No benefit to third parties: Overview, definition, and example

What is no benefit to third parties?

"No benefit to third parties" is a legal provision often included in contracts to clarify that only the parties involved in the agreement can enforce or benefit from its terms. It means that third parties—those who are not signatories to the contract—cannot claim rights or benefits under the contract, even if they are indirectly affected by it. This provision ensures that only the parties who have directly entered into the agreement have the legal standing to seek enforcement or take action based on the contract’s terms.

For example, if two companies enter into a contract for the supply of goods, a third party, such as a competitor, cannot enforce any clauses in the contract or claim any rights to the goods or terms unless they are a party to the contract.

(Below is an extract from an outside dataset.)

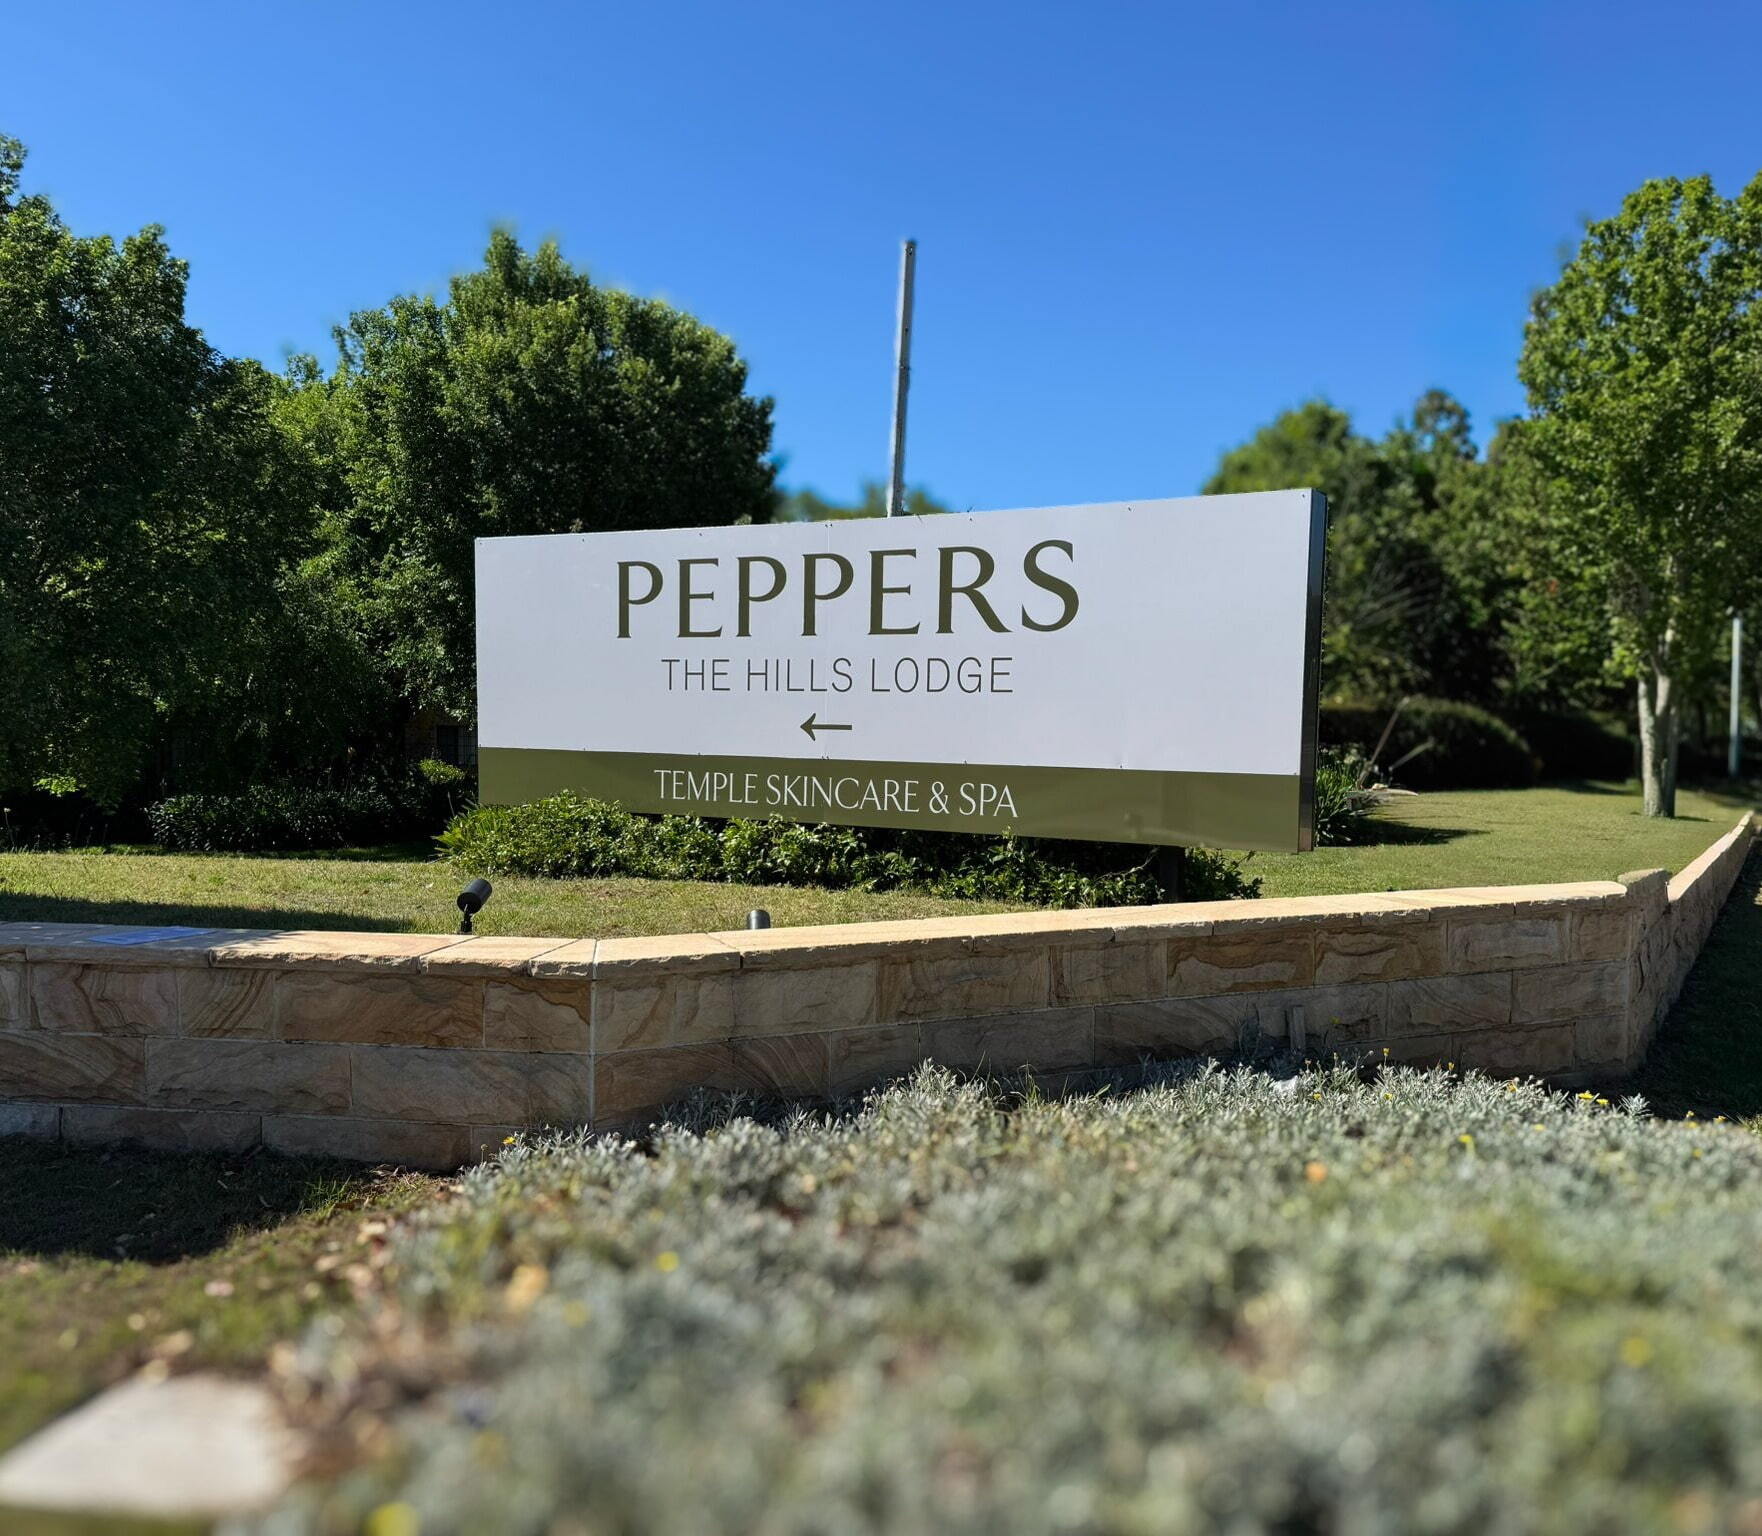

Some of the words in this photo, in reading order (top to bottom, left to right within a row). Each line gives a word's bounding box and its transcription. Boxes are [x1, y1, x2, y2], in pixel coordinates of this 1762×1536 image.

Why is no benefit to third parties important?

The "no benefit to third parties" clause is important because it helps prevent unintended obligations or rights being conferred on individuals or entities who are not part of the contract. It ensures that the parties involved maintain control over the contract's execution and outcomes, limiting the potential for legal disputes from external parties who might feel they have a right to act under the contract.

For businesses, including this clause protects against unforeseen claims or legal actions from non-parties who might try to leverage the contract in their favor.

Understanding no benefit to third parties through an example

Imagine a company signs a contract with a vendor for the supply of materials to a construction project. The "no benefit to third parties" clause ensures that only the company and the vendor have rights under the contract. If a subcontractor working on the project is affected by delays in material delivery, they cannot use the contract to claim damages or enforce the terms between the company and the vendor, even though they are impacted by the situation.

In another example, a service agreement between a business and a client might include a "no benefit to third parties" provision to prevent third-party suppliers, partners, or competitors from gaining rights or obligations based on the agreement, even if their interests are indirectly involved.

An example of a no benefit to third parties clause

Here’s how a "no benefit to third parties" clause might look in a contract:

"This Agreement is intended solely for the benefit of the parties hereto and their respective successors and assigns. Nothing in this Agreement shall confer any rights, remedies, or benefits to any third party, nor shall any third party have any legal standing to enforce any of its provisions."

Conclusion

The "no benefit to third parties" clause is an important provision in contracts to ensure that only the parties who have agreed to the terms of the contract can enforce or benefit from it. It helps prevent external parties from making claims or taking legal action based on the contract, maintaining control and clarity for the involved parties. This clause provides legal protection for businesses by limiting the scope of the contract’s impact to only those who are directly involved.


This article contains general legal information and does not contain legal advice. Cobrief is not a law firm or a substitute for an attorney or law firm. The law is complex and changes often. For legal advice, please ask a lawyer.